▶ [Provided data]:
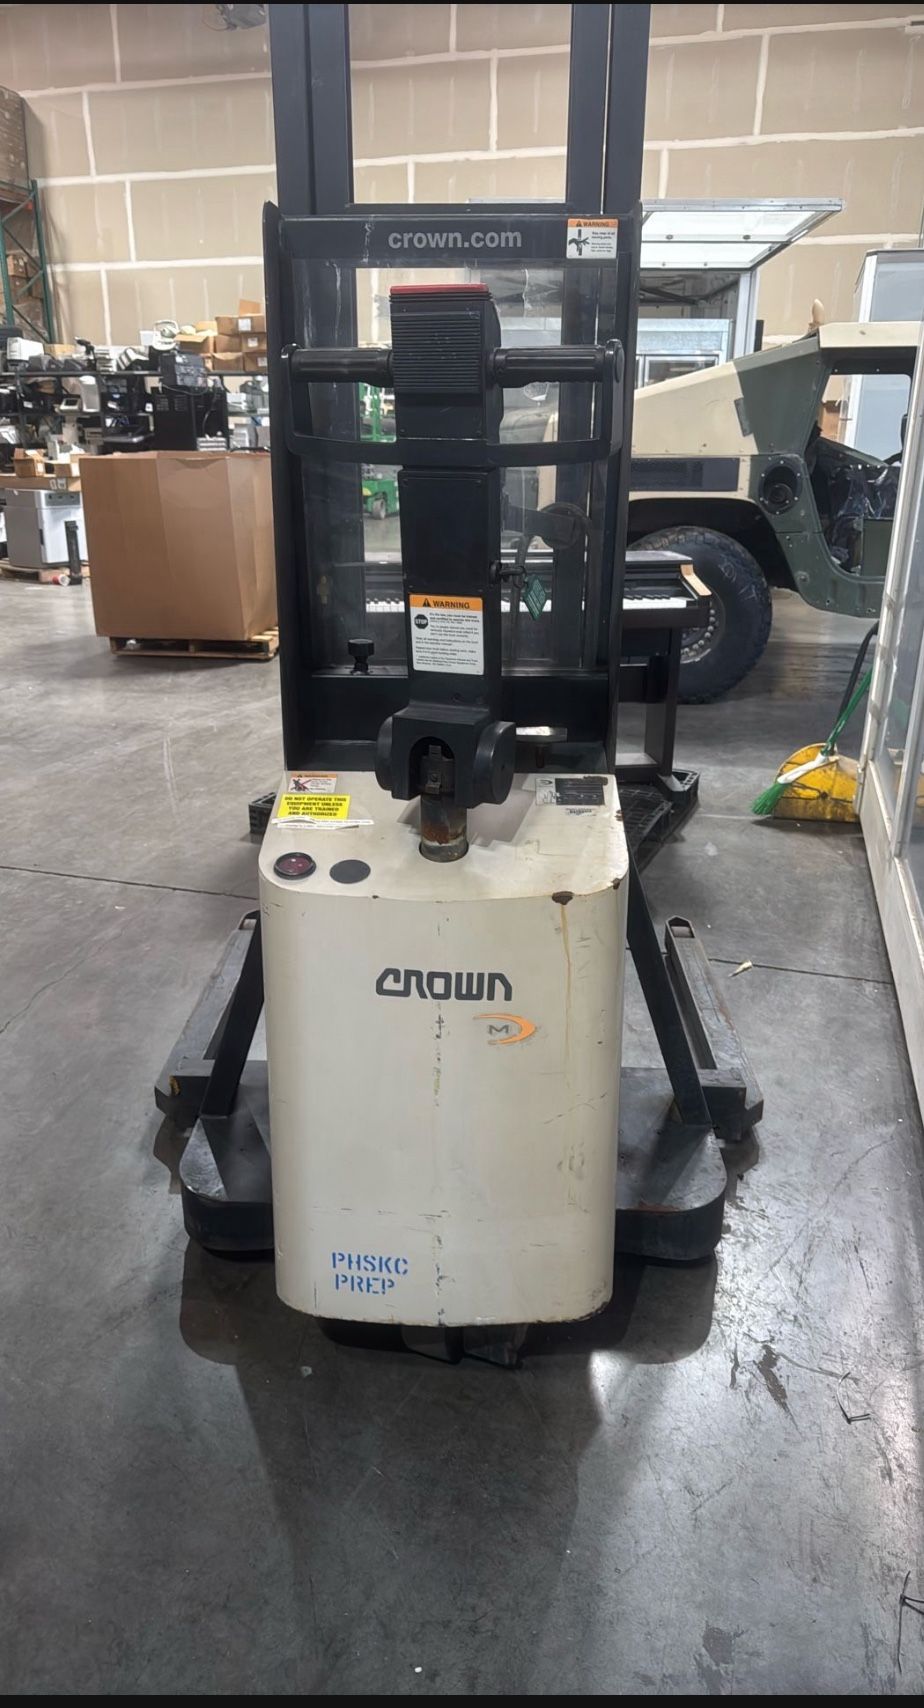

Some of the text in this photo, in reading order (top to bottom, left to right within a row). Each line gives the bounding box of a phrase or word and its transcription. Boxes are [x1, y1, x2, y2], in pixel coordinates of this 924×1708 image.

[388, 231, 522, 248] crown.com
[432, 600, 470, 609] WARNING
[375, 967, 513, 1001] CROWN
[332, 1252, 408, 1275] PHSKC
[335, 1273, 395, 1295] PREP
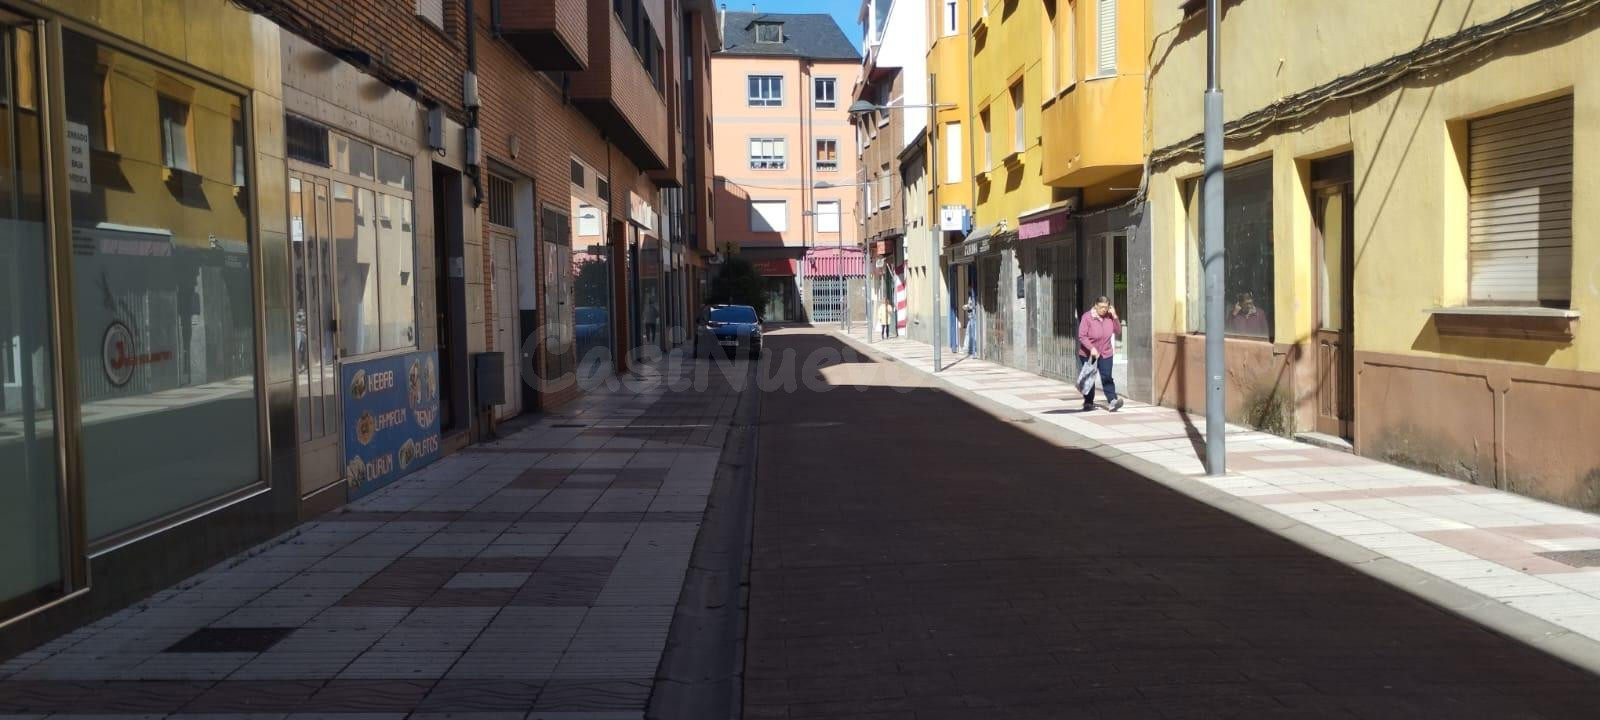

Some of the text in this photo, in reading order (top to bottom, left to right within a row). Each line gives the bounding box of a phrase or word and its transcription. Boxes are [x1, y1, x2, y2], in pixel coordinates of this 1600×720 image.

[368, 370, 394, 393] KEBAB
[414, 434, 438, 459] PLATOS
[366, 454, 393, 481] DURUM
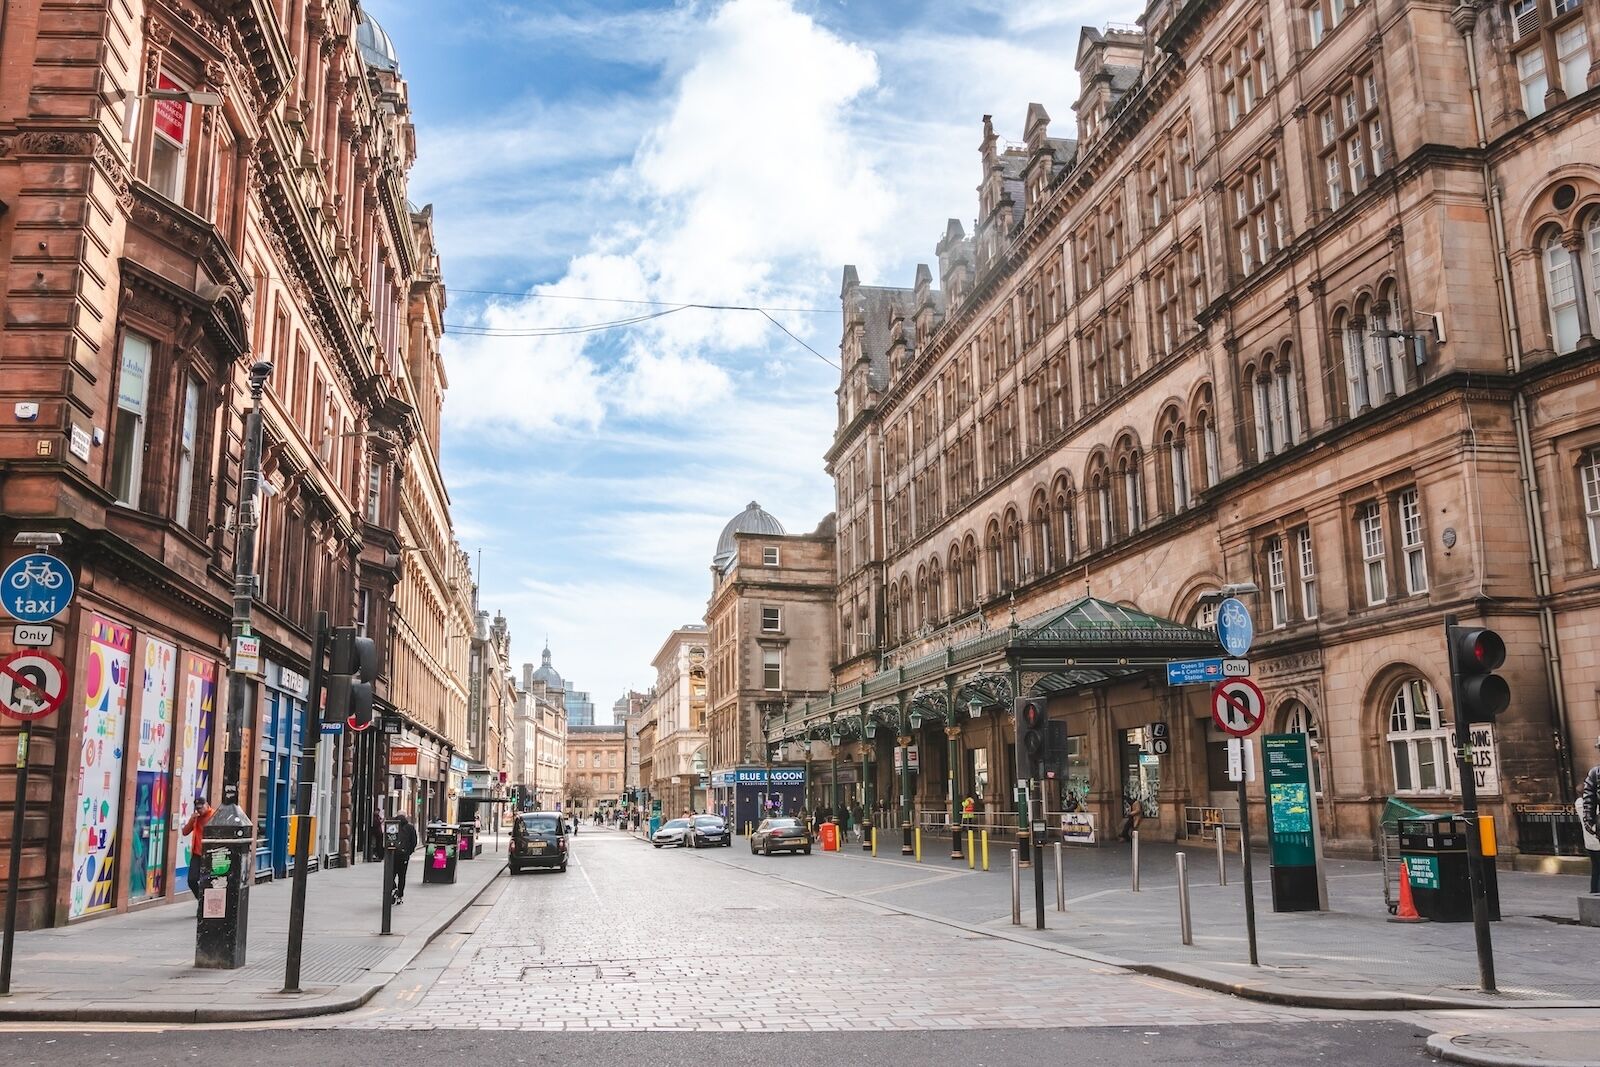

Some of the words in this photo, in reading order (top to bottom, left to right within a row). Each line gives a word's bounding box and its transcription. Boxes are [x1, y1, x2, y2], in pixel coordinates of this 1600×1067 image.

[15, 596, 56, 614] taxi
[20, 631, 48, 641] Only
[1226, 635, 1246, 649] taxi
[243, 643, 257, 652] CCTV
[1226, 664, 1246, 672] Only
[764, 772, 803, 780] LAGOON

▶ [Task statement]:
Each of the entries above must be output exactly, with none of the pictures.

▶ [Result]:
Some of the text in this photo, in reading order (top to bottom, left to right within a row). Each line gives the bounding box of a phrase or word and its transcription. Boxes are [x1, y1, x2, y2], in pixel coordinates of this 924×1708 image.

[388, 231, 522, 248] crown.com
[432, 600, 470, 609] WARNING
[375, 967, 513, 1001] CROWN
[332, 1252, 408, 1275] PHSKC
[335, 1273, 395, 1295] PREP

Some of the text in this photo, in reading order (top to bottom, left to right within a row). Each line gives the bounding box of a phrase or word and its transcription. Boxes are [x1, y1, x2, y2], in pixel coordinates of this 1600×720 image.

[368, 370, 394, 393] KEBAB
[414, 434, 438, 459] PLATOS
[366, 454, 393, 481] DURUM

Some of the words in this photo, in reading order (top to bottom, left to right within a row). Each line gives a word's bounding box and its transcription. Boxes are [x1, y1, x2, y2], in pixel coordinates of this 1600×1067 image.

[15, 596, 56, 614] taxi
[20, 631, 48, 641] Only
[1226, 635, 1246, 649] taxi
[243, 643, 257, 652] CCTV
[1226, 664, 1246, 672] Only
[764, 772, 803, 780] LAGOON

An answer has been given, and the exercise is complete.